::: Records to use

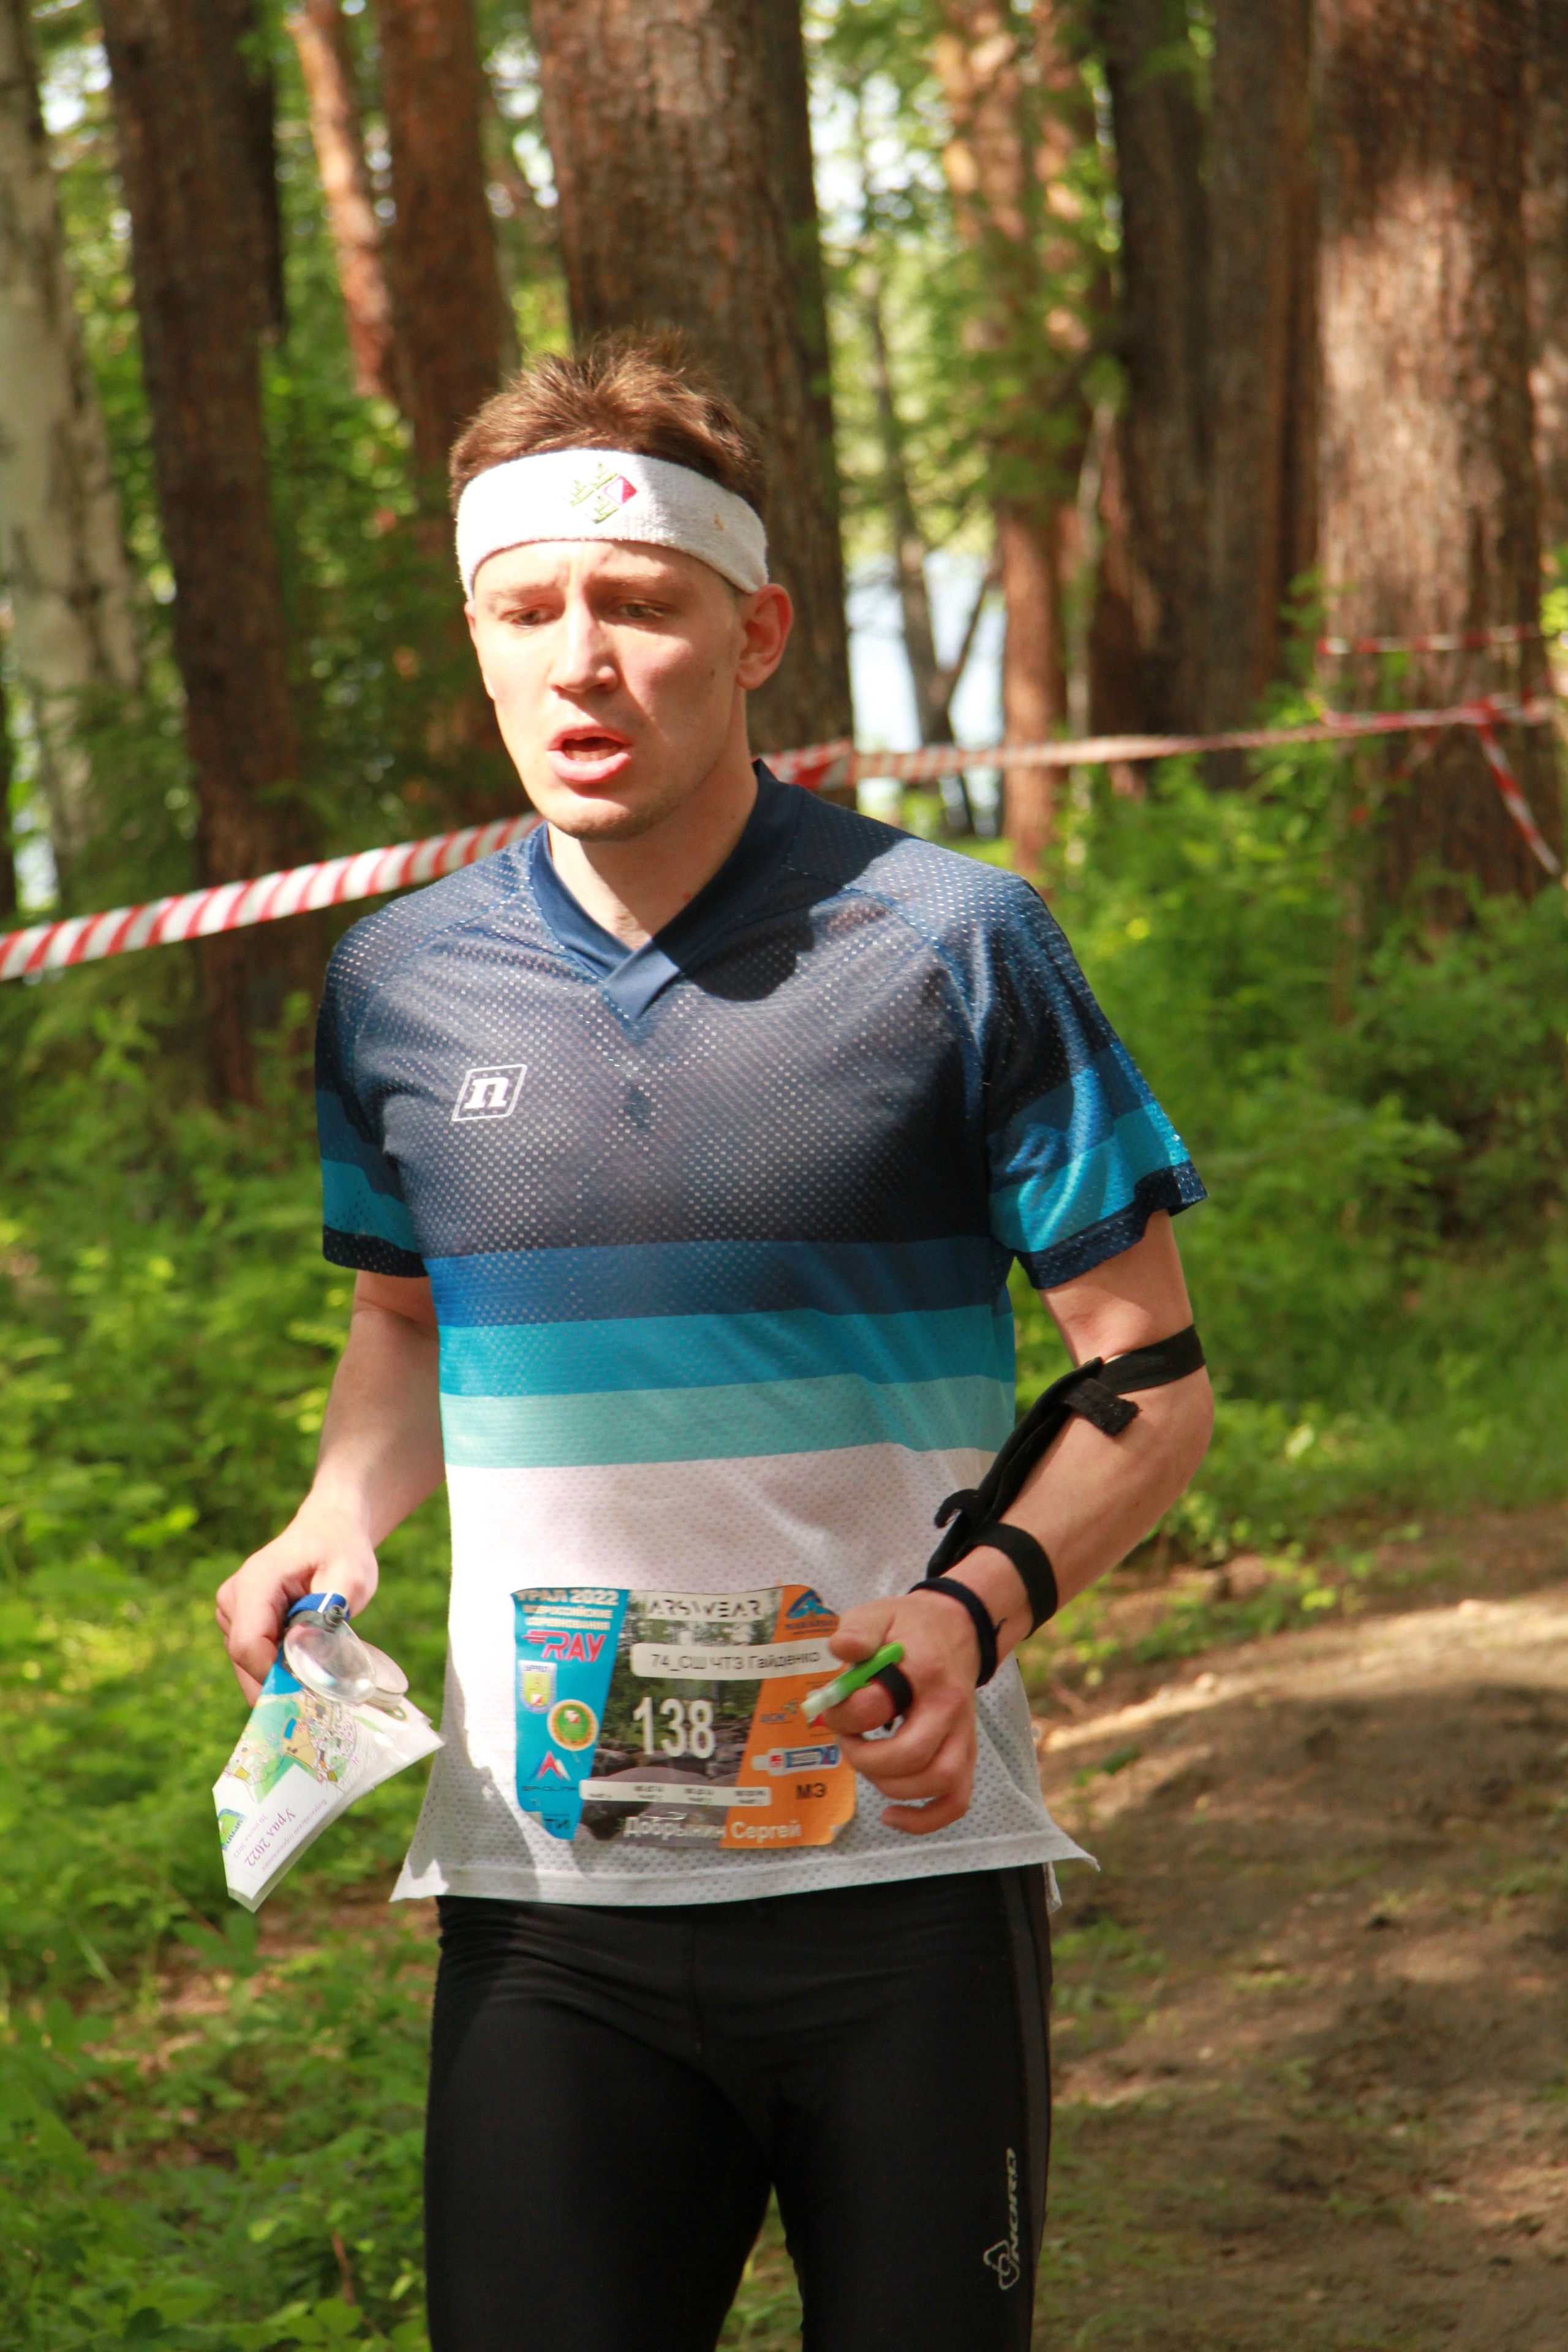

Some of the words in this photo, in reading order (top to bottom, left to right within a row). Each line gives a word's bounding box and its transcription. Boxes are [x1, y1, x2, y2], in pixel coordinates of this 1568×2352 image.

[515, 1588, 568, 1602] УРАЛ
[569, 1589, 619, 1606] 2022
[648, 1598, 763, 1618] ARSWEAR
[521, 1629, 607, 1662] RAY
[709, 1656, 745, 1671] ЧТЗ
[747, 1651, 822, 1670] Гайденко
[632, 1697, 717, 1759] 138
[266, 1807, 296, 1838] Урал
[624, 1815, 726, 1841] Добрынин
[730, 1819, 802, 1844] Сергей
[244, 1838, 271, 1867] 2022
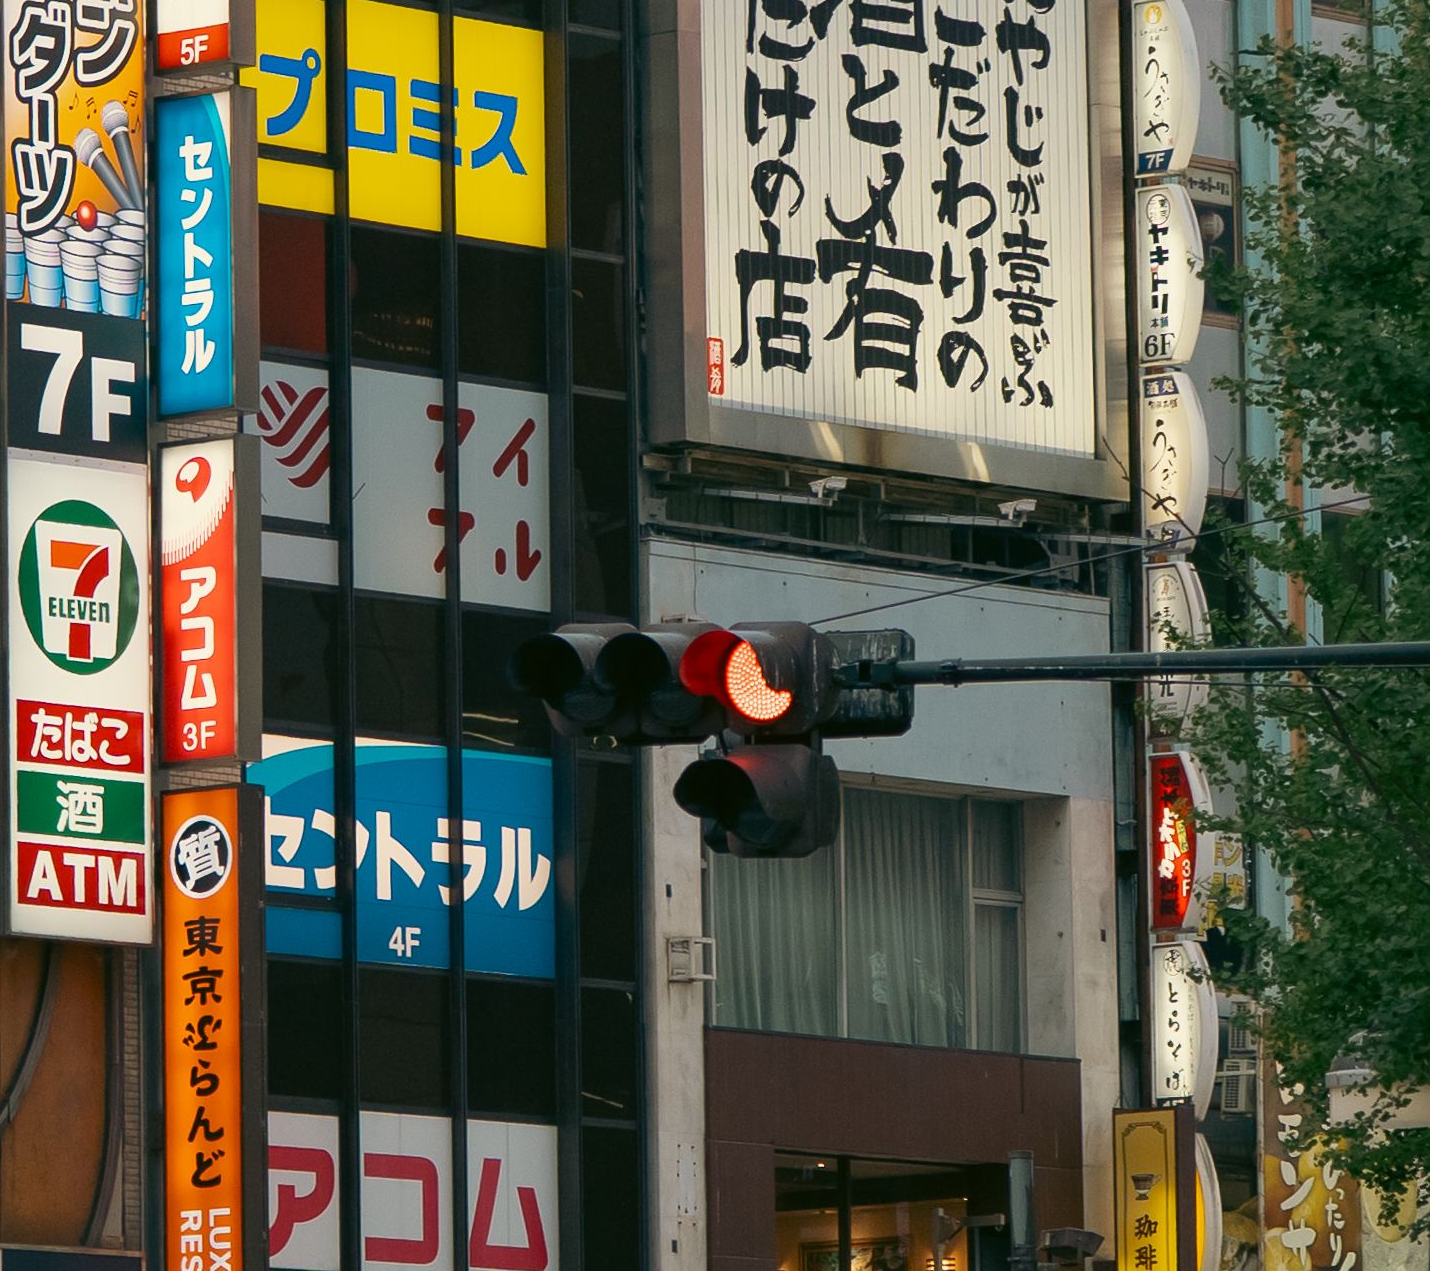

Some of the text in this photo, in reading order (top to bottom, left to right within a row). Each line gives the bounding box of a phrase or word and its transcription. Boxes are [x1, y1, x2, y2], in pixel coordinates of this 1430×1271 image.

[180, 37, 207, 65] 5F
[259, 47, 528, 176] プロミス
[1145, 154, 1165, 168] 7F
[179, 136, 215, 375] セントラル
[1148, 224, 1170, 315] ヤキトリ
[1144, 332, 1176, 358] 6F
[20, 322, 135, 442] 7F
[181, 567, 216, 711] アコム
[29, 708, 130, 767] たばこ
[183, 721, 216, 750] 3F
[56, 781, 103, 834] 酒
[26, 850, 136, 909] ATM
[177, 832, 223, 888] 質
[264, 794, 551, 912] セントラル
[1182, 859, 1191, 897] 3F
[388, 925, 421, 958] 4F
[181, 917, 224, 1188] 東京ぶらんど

::::::

*Task to complete:*
Copy out all the records exactly, excluding pictures.

*Answer area:*
Some of the words in this photo, in reading order (top to bottom, left to right within a row). Each line gives a word's bounding box and its transcription. Boxes are [x1, y1, x2, y2], in pixel coordinates of this 1568×2352 image.

[515, 1588, 568, 1602] УРАЛ
[569, 1589, 619, 1606] 2022
[648, 1598, 763, 1618] ARSWEAR
[521, 1629, 607, 1662] RAY
[709, 1656, 745, 1671] ЧТЗ
[747, 1651, 822, 1670] Гайденко
[632, 1697, 717, 1759] 138
[266, 1807, 296, 1838] Урал
[624, 1815, 726, 1841] Добрынин
[730, 1819, 802, 1844] Сергей
[244, 1838, 271, 1867] 2022

Some of the text in this photo, in reading order (top to bottom, left to right within a row). Each line gives the bounding box of a phrase or word and its transcription. Boxes are [x1, y1, x2, y2], in pixel coordinates of this 1430×1271 image.

[180, 37, 207, 65] 5F
[259, 47, 528, 176] プロミス
[1145, 154, 1165, 168] 7F
[179, 136, 215, 375] セントラル
[1148, 224, 1170, 315] ヤキトリ
[1144, 332, 1176, 358] 6F
[20, 322, 135, 442] 7F
[181, 567, 216, 711] アコム
[29, 708, 130, 767] たばこ
[183, 721, 216, 750] 3F
[56, 781, 103, 834] 酒
[26, 850, 136, 909] ATM
[177, 832, 223, 888] 質
[264, 794, 551, 912] セントラル
[1182, 859, 1191, 897] 3F
[388, 925, 421, 958] 4F
[181, 917, 224, 1188] 東京ぶらんど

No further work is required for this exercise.